Perhaps not the brightest bulb on Broadway, he still knew enough not to press his luck. “Okay, okay.” Scooping up the money uneasily, he folded it and jammed it into his pocket.
“Zhatky
.
”
Cranky. Shit. Maybe Dmitri hadn’t known me as long as all that then if that was the worst label he could put on me. Carrying one bottle in each hand, I headed toward the back without much enthusiasm. Konstantin Gurov, my boss, wasn’t the most forgiving of men. As the immortal Ricky Ricardo had once said, I was going to have some ’splainin’ to do.

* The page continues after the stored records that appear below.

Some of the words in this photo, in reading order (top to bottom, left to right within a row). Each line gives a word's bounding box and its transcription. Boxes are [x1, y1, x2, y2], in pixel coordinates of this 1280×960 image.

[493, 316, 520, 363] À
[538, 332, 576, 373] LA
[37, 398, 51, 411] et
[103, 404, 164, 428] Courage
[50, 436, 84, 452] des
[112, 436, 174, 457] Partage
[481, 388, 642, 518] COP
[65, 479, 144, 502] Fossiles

It was safe to say, however, that Ricky had probably never rammed a screwdriver in Lucy’s ear for any of her escapades, much less just for being late.

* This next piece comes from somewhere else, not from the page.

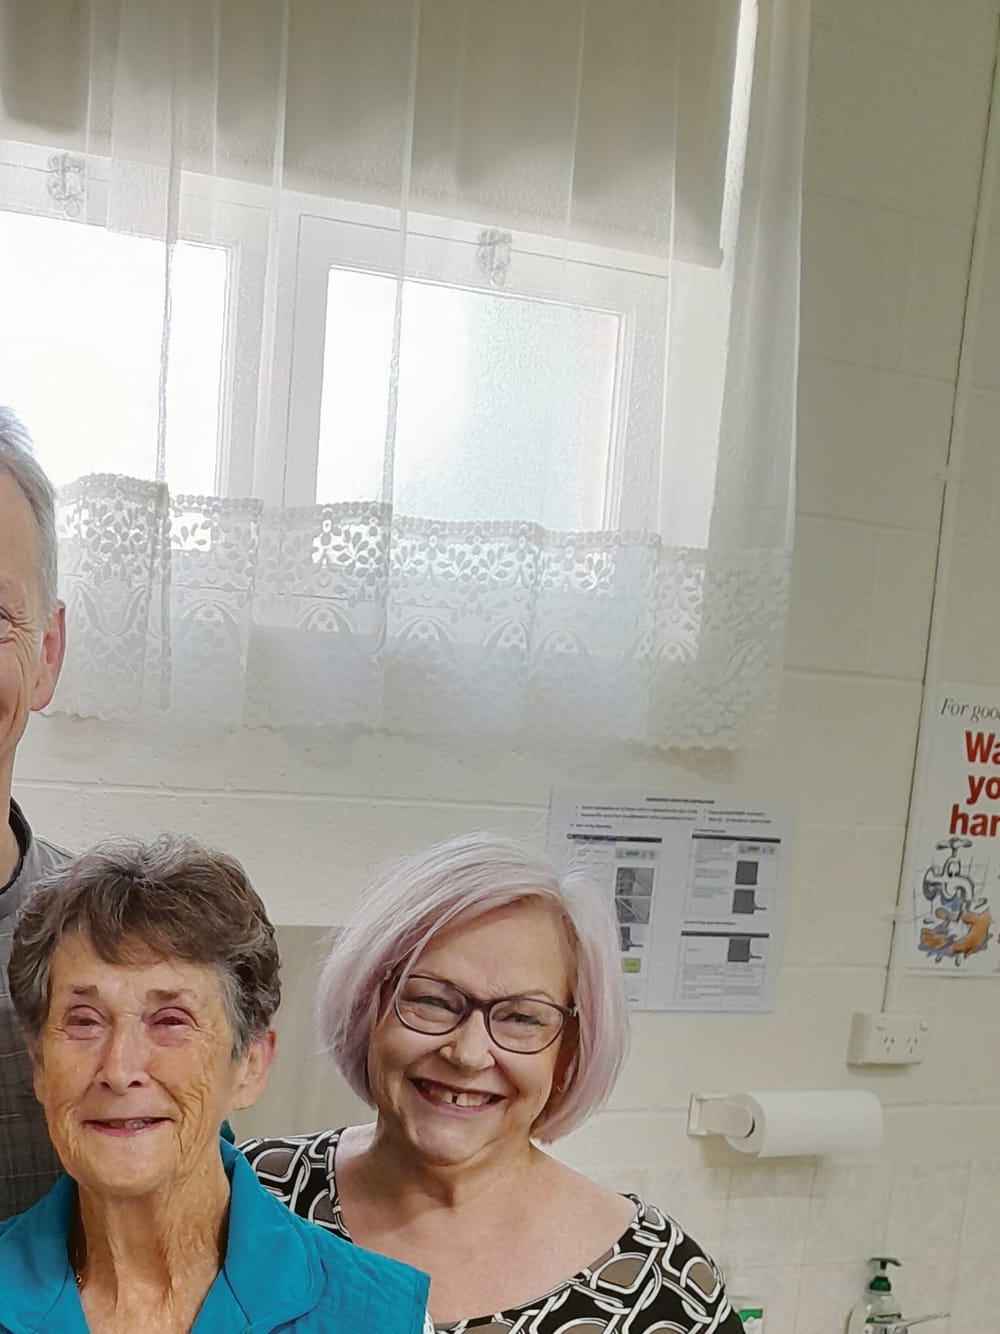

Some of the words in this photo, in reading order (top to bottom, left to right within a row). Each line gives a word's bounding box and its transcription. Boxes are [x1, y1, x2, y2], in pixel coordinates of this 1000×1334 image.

[941, 698, 969, 716] For
[970, 704, 1000, 723] goo
[966, 775, 1000, 804] yo

Sevastian hadn’t explained the reason for the unscheduled meet, and as I passed into a dingy hallway, the only thing I could immediately bring to mind was the trouble back in New York. Operations had spread from there to Miami many years ago, but as time went on, relations had begun to fray between the old school and those who’d once been seen as pioneers in a sunnier clime. Since I did mostly bodyguard work for Gurov, it was hard to reason why my cheerful self would be needed. Whatever the reason, I’d find out soon enough. At the end of the hall I nudged the door silently open with my foot and walked in, bearing gifts.
It would’ve been better if I’d been bearing a gun.
The room was where Gurov conducted most of his business and was soundproofed for all the obvious reasons. That was how three of our own could be lying on the floor with no one out in the bar any the wiser—lying there, motionless and bloody. Copper was thick in the air, saturating every molecule with slippery, gleeful fingers. It would’ve been easy to choke on the metallic taint and even easier to freeze at the sight before me. Luckily, my sense of self-preservation was stronger than that.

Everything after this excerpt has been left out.